Om twintig voor twee krijg ik een telefoontje, een vreemd nummer staat op mijn scherm. Het is de taxichauffeur. Zij staat met haar wagen voor, en ik zit er 40 meter vanaf. Een ravenzwarte schone jonge vrouw haalt me op. Zij vraagt me direct of ze nog even langs haar huis mag want ze blijft vannacht bij haar zuster in Amsterdam. Om twee uur vertrekken we. Katharina is van Poolse afkomst en houdt van sportieve auto’s. Ze rijdt nu in een grote Mercedes, BMW heeft geen goed aanbod van taxi’s. Deze auto heeft ze vorig jaar gekocht en is met een eigen taxibedrijf begonnen. Ze is aangesloten bij Lübecker Funktaxen, welk bedrijf een overeenkomst heeft met het Duitse Lowlands. Deze taxicentrale kan haar oproepen voor een ritje van een kilometer. Dan heeft ze pech, zegt Katharina. Nu heeft ze dit ritje gekregen. Geluk. Op mijn navigator op mijn eigen telefoon heb ik gezien dat de afstand tot Aalten 477 kilometer is. Ik bel Greet dat het wel zeven uur zal worden.
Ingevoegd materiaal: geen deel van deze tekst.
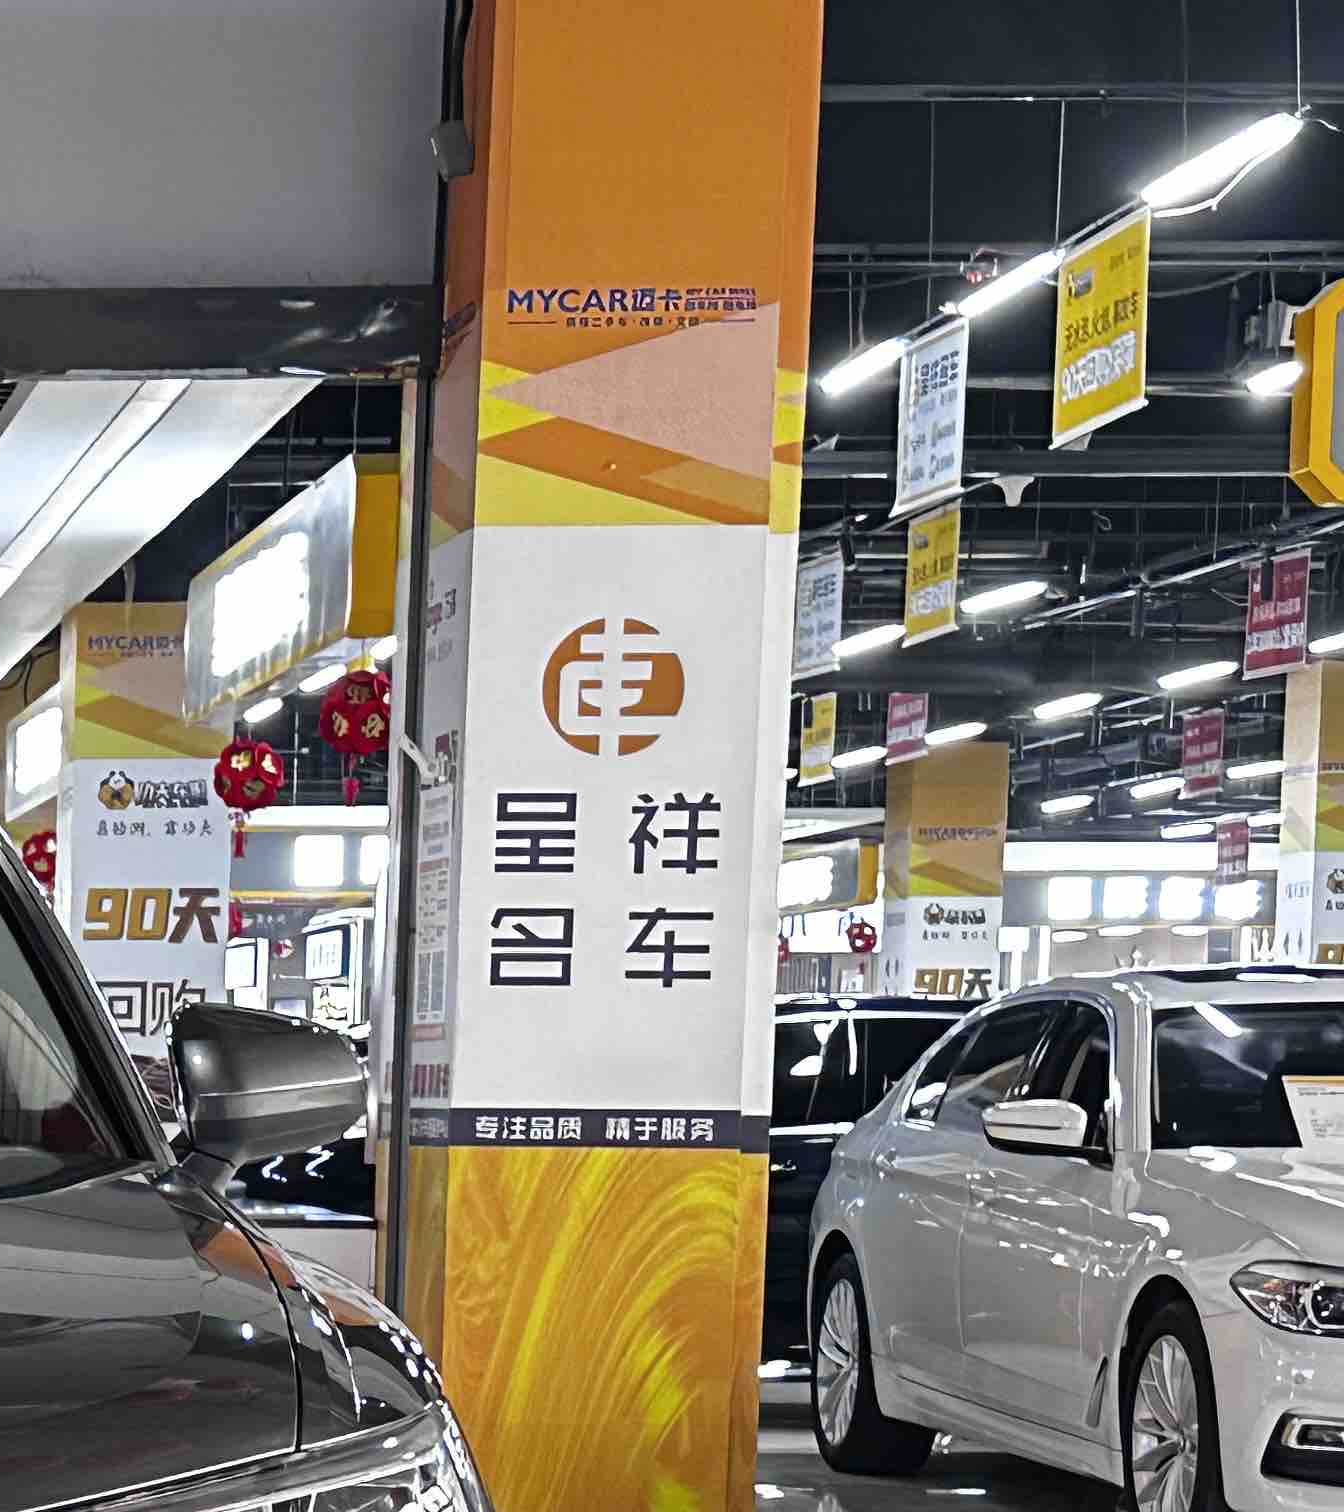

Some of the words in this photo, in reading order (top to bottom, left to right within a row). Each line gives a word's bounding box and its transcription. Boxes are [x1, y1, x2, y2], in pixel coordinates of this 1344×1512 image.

[493, 792, 722, 875] 呈祥
[83, 887, 221, 944] 90天
[489, 906, 715, 989] 名车
[914, 967, 994, 1000] 90天
[474, 1115, 583, 1142] 专注品质
[605, 1115, 715, 1143] 精于服务
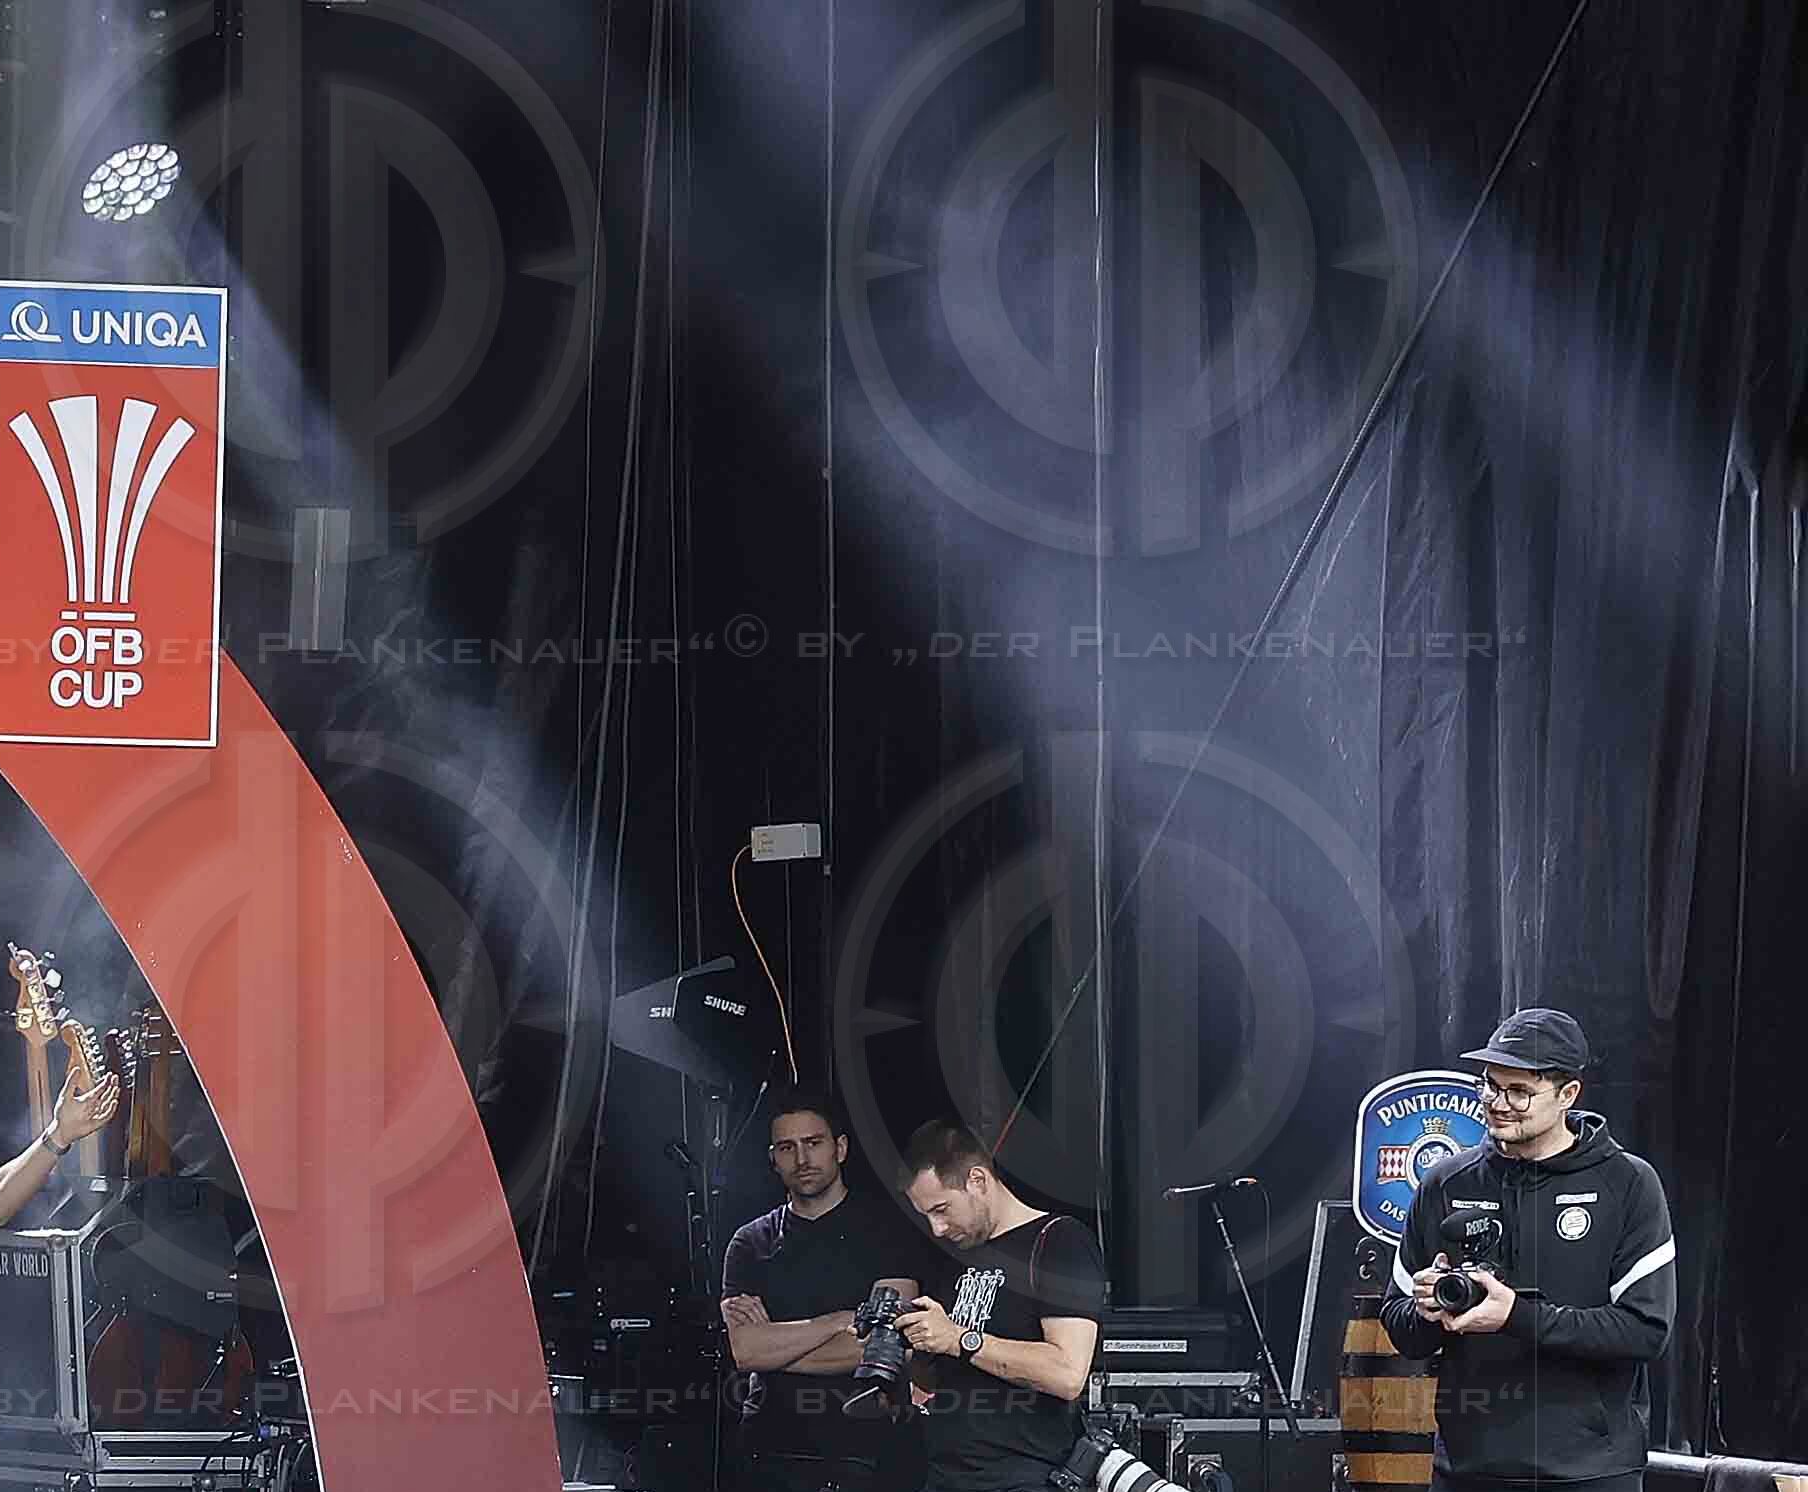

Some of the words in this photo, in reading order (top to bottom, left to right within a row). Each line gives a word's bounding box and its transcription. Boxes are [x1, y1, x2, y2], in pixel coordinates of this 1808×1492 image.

[72, 309, 208, 348] UNIQA
[49, 669, 143, 709] CUP
[704, 995, 747, 1016] SHURE
[1379, 1199, 1407, 1223] DAS
[13, 1252, 49, 1277] WORLD
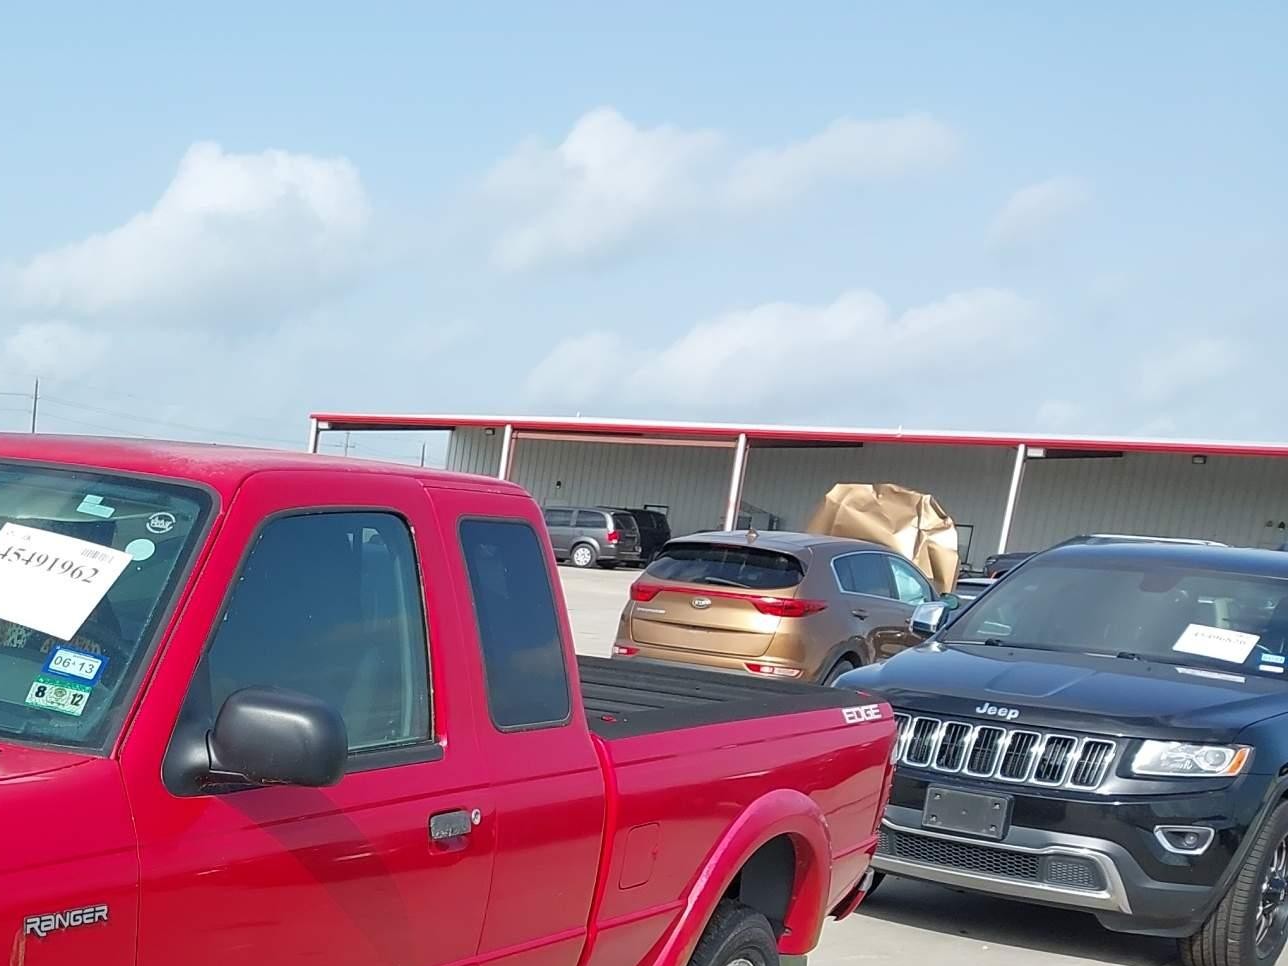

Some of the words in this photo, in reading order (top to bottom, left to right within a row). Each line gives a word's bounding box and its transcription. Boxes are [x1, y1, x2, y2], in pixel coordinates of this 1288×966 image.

Katharina rijdt snel. Tussen Lübeck en Hamburg is de snelheid onbeperkt. Ze haalt snelheden van boven de 200 kilometer per uur. Anticiperen doet ze tijdig. Ik vergelijk het met mijn rijstijl, ik rem later als ik met hoge snelheid een auto achterop rij. Ze is een goede chauffeur. Voorbij Bremen rusten we even voor een kop koffie en een ijsje. Tussen Bremen en Osnabrück zie ik een bord met de tekst: Varusschlacht. Daarover heb ik in ‘Macht zonder grenzen’ gelezen. De Germaanse aanvoerder Arminius hakte met zijn troepen in het Teutoburgerwoud in 9 na Chr. 10% van het Romeinse leger onder leiding van Varus in de pan. Een van de grootste nederlagen in de Romeinse geschiedenis. ‘Macht zonder grenzen’ heb ik bijna uit gekregen, van de 369 pagina’s zijn er nog 24 ongelezen. Via Kreuz Schüttorf en de Duitse A31, afslag Gescher, rijden we via Oeding het vaderland binnen. Om twintig voor zeven stopt Katharina bij ons huis. Ze heeft het in een netto rijtijd van vier uur gedaan. Ik mag een handtekening zetten op een bon. Ik teken voor een rit van € 650. Katharina krijgt mijn complimenten voor haar veilige rijstijl en een stevige handdruk om vanavond met haar zuster een lekker glaasje bier op een Amsterdams terras te drinken.